Exposure to Reconstruction-Era Education in Childhood Improved Economic Outcomes for African Americans in Adulthood

The Reconstruction-era following the U.S. Civil War introduced new educational opportunities for formerly enslaved African Americans, but many of these opportunities were systemically dismantled by 1877. Despite these short-lived policies, Black children who were exposed to greater educational opportunity during Reconstruction had better economic outcomes by adulthood, and passed those benefits on to their children, according to a new study published in the American Economic Journal: Economic Policy.

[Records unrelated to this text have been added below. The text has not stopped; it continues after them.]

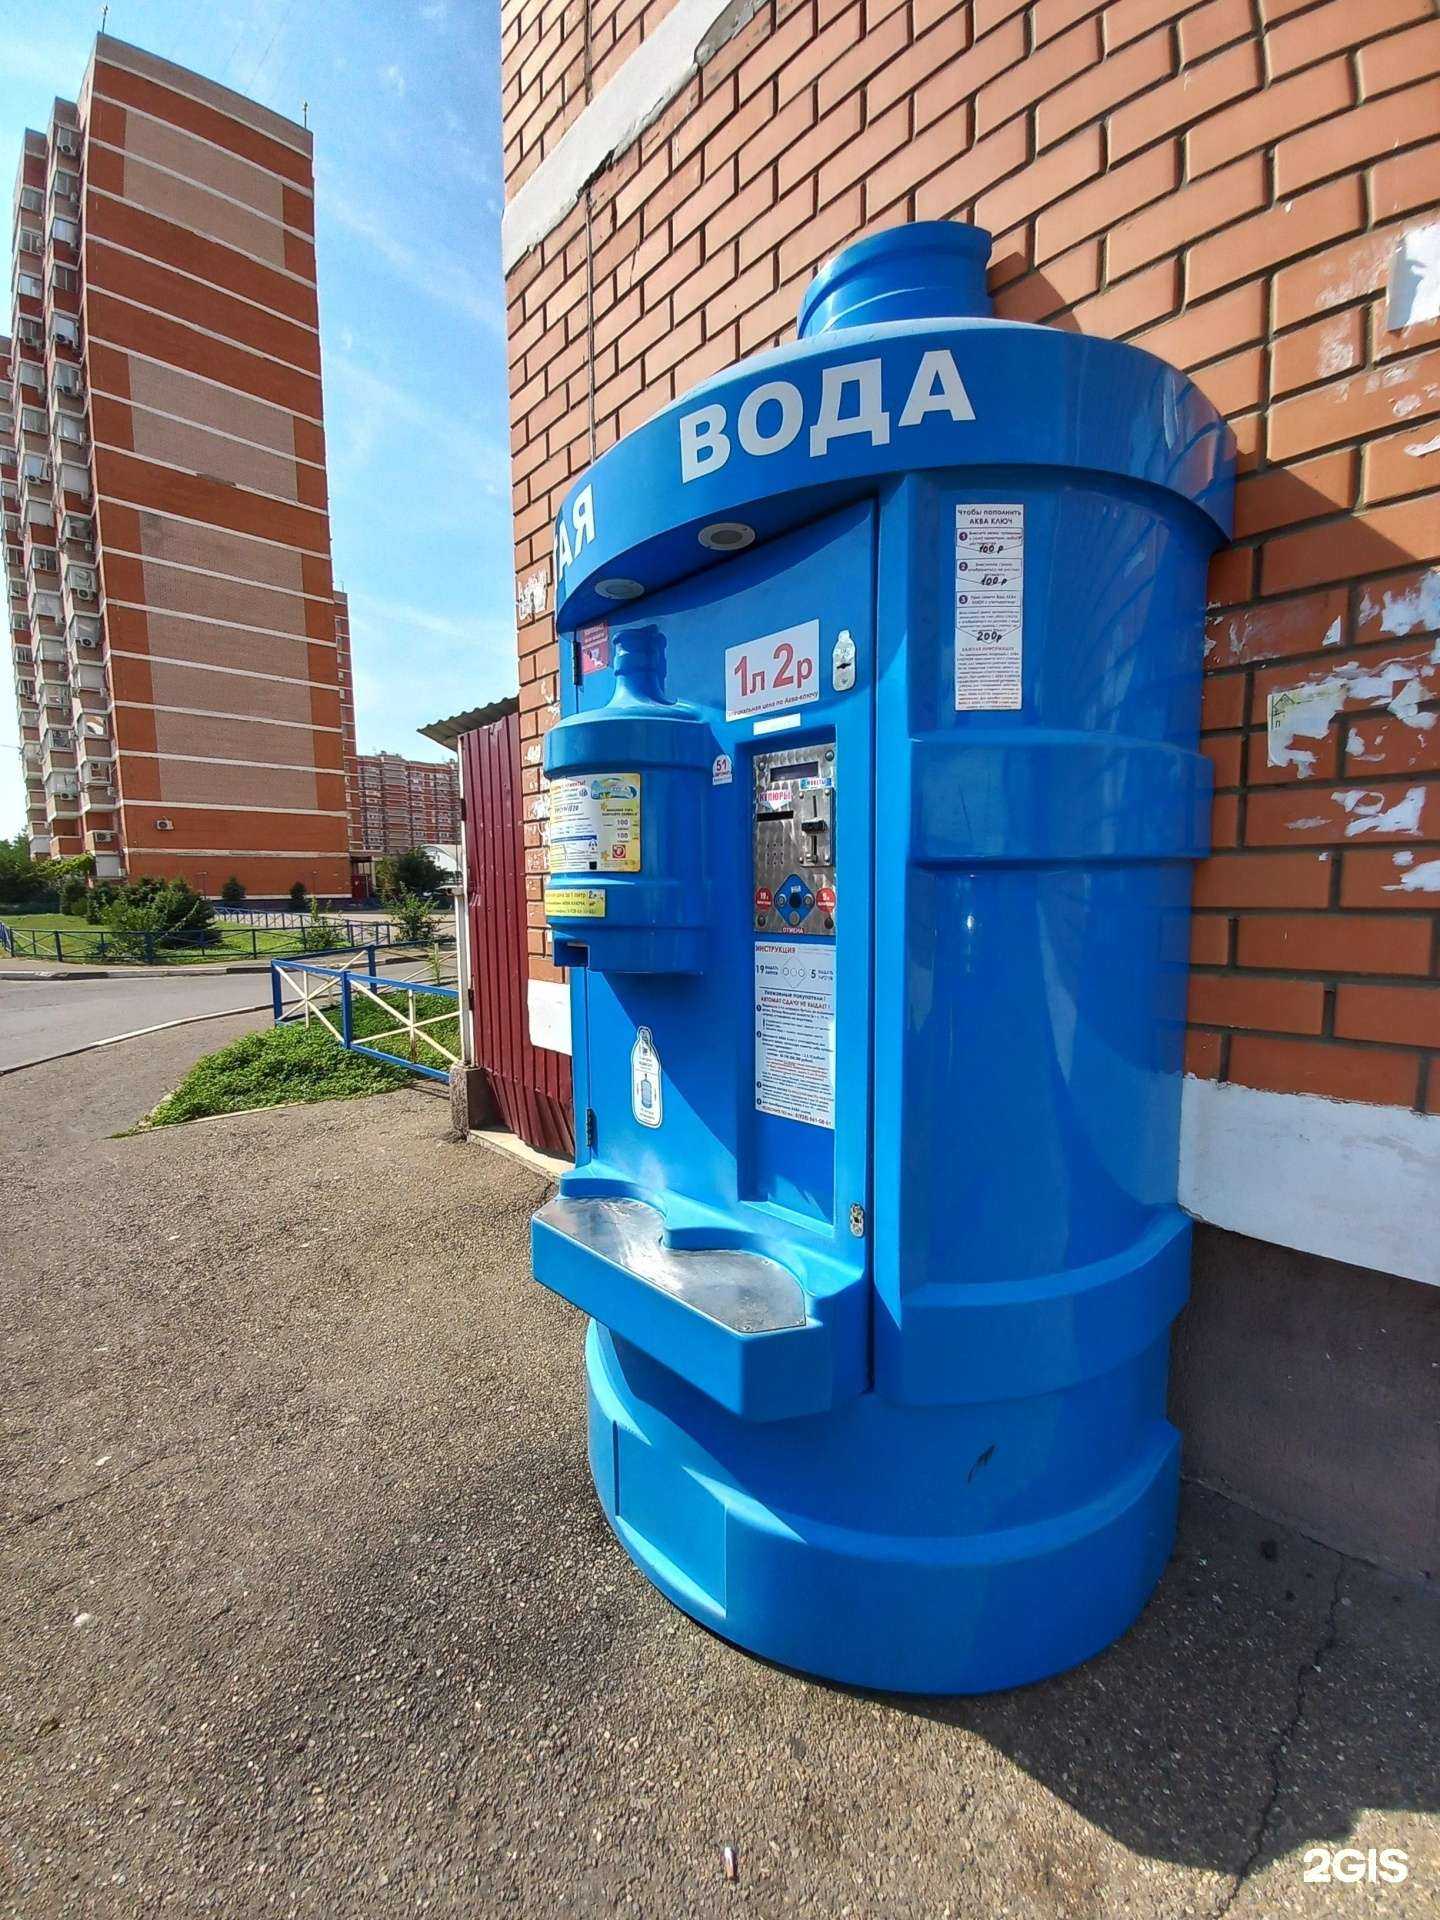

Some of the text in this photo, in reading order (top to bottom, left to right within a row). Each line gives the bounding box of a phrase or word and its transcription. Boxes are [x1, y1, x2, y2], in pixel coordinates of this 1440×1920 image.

[679, 349, 976, 484] ВОДА
[979, 544, 995, 553] 100
[981, 576, 999, 586] 100
[734, 642, 813, 697] 1л 2р
[716, 758, 727, 771] 51
[755, 945, 796, 954] ИНСТРУКЦИЯ
[756, 965, 765, 974] 19
[810, 969, 817, 979] 5
[761, 996, 781, 1004] АВТОМАТ

Using census records and data from the Freedmen’s Teacher Project regarding 11,000 teachers who taught freed people, the authors determined that Black children who lived in areas with many teachers during Reconstruction were 10 percentage points more likely to be literate by 1900. They were also more likely to improve their occupational standing, such as moving from a farm laborer to a tenant farmer or a laboring job outside of agriculture – a profession that earned some 70 percent more than farm laborers. Notably, the sons of fathers who were exposed to Reconstruction-era education benefits also had better educational and occupational outcomes in adulthood – decades after the end of Reconstruction.

Based on their estimates, the authors theorize that “the Black-White income gap might have been considerably smaller throughout the twentieth century had educational opportunities for Black Southerners not been curtailed after Reconstruction.”

The paper was authored from scholars at the University of Pittsburgh in Pennsylvania and Marquette University in Milwaukee, Wisconsin.